In [1]:
import numpy as np
import pandas as pd
import matplotlib.pyplot as plt
%matplotlib widget

In [2]:
dofs = 8
num_states = 5
num_time_histories = 100 # Number of time-histories

In [3]:
# Acceleration statistics data of all masses for all time histories and all states
peak_amp = np.zeros((num_time_histories, num_states, dofs))
mean = np.zeros((num_time_histories, num_states, dofs))
rms = np.zeros((num_time_histories, num_states, dofs))
std = np.zeros((num_time_histories, num_states, dofs))
skewness = np.zeros((num_time_histories, num_states, dofs))
kurtosis = np.zeros((num_time_histories, num_states, dofs))

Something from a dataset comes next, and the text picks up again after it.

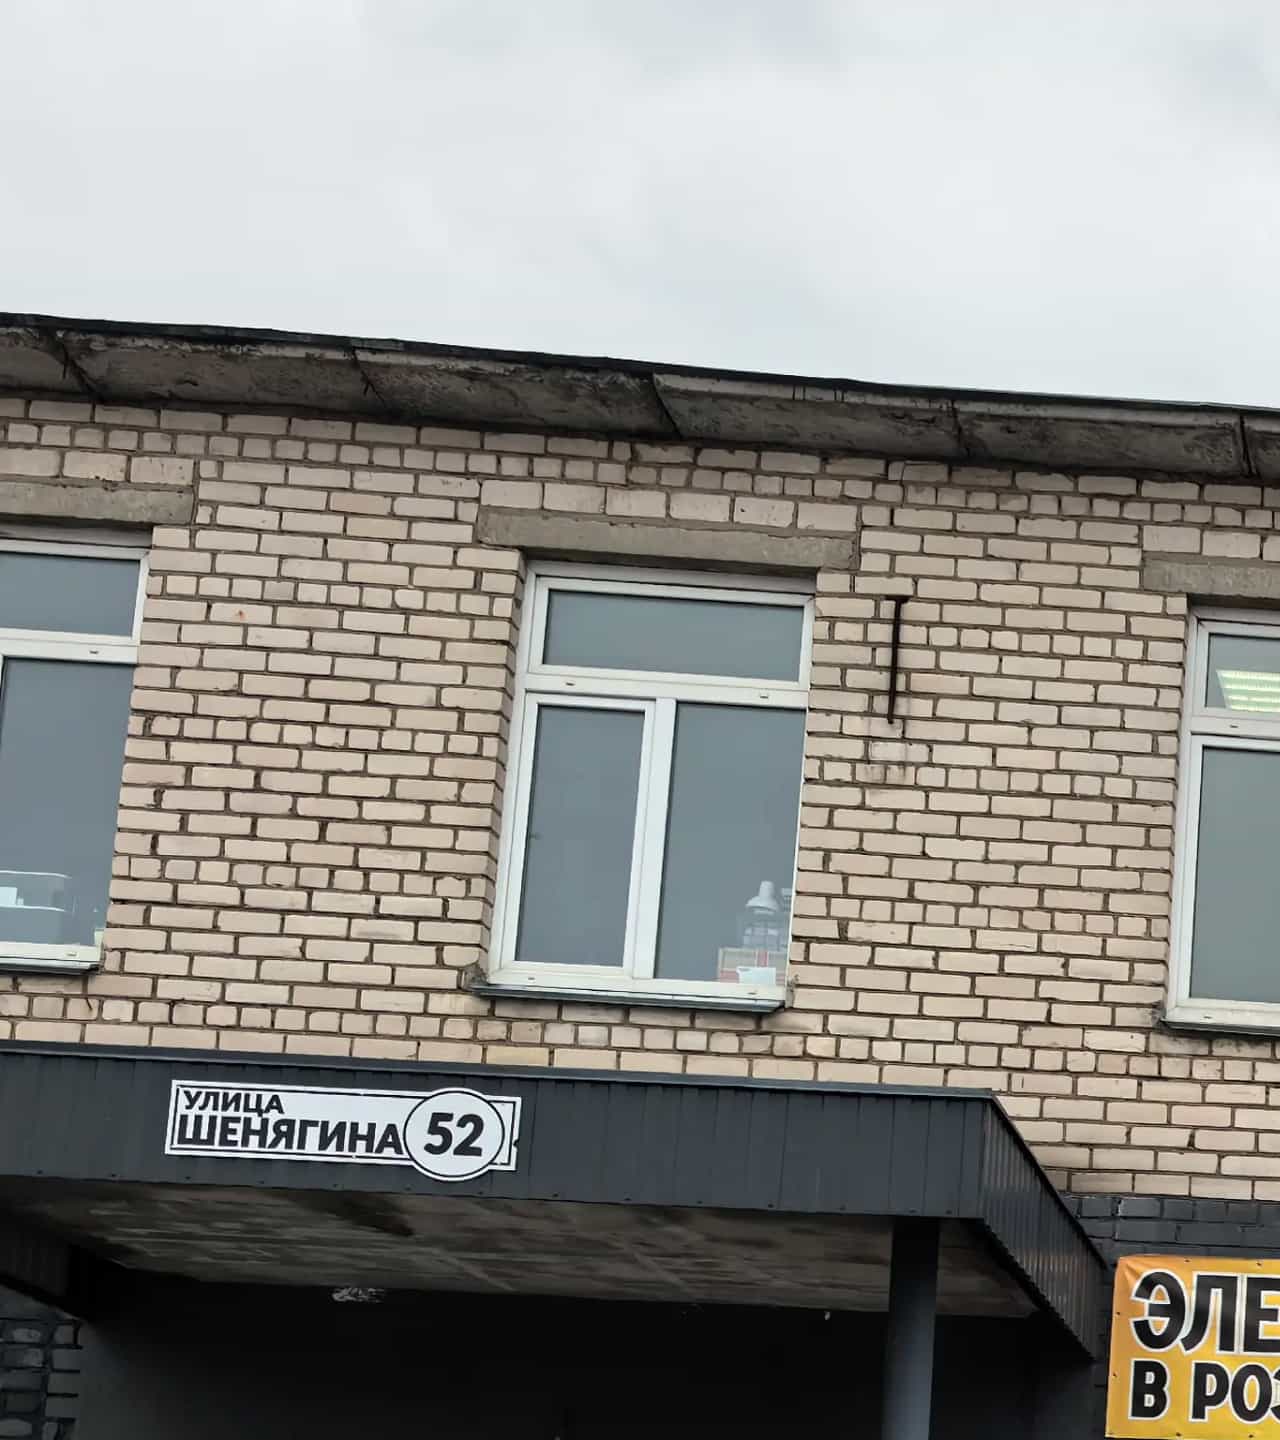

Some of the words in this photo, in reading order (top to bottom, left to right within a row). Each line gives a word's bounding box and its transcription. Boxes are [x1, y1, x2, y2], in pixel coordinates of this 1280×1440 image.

for time_history in range(num_time_histories):
    for state in range(num_states):
        acc = pd.read_csv(f"datasets/state{state}_datasets/state{state}_acceleration_timehistory{time_history+1}.csv", index_col = "Time")
        peak_amp[time_history][state, :] = ((acc.abs()).max()).to_numpy()
        mean[time_history][state, :] = (acc.mean()).to_numpy()
        rms[time_history][state, :] = (((acc**2).mean())**0.5).to_numpy()
        std[time_history][state, :] = (acc.std()).to_numpy()
        skewness[time_history][state, :] = (acc.skew()).to_numpy()
        kurtosis[time_history][state, :] = (acc.kurtosis()).to_numpy()

In [4]:
statistical_feature_df = pd.DataFrame(columns = ["health", "state"])
statistical_feature_df["health"] = ([0] + [1] * (num_states - 1)) * num_time_histories
statistical_feature_df["state"] = [i for i in range(num_states)] * num_time_histories

peak_amp_df = pd.DataFrame()
for time_history in range(num_time_histories):
   temp = pd.DataFrame(peak_amp[time_history], columns = [f"peak_amp_m{i+1}" for i in range(dofs)])
   peak_amp_df = peak_amp_df.append(temp, ignore_index=True)

rms_df = pd.DataFrame()
for time_history in range(num_time_histories):
   temp = pd.DataFrame(rms[time_history], columns = [f"rms_m{i+1}" for i in range(dofs)])
   rms_df = rms_df.append(temp, ignore_index=True)

std_df = pd.DataFrame()
for time_history in range(num_time_histories):
   temp = pd.DataFrame(std[time_history], columns = [f"std_m{i+1}" for i in range(dofs)])
   std_df = std_df.append(temp, ignore_index=True)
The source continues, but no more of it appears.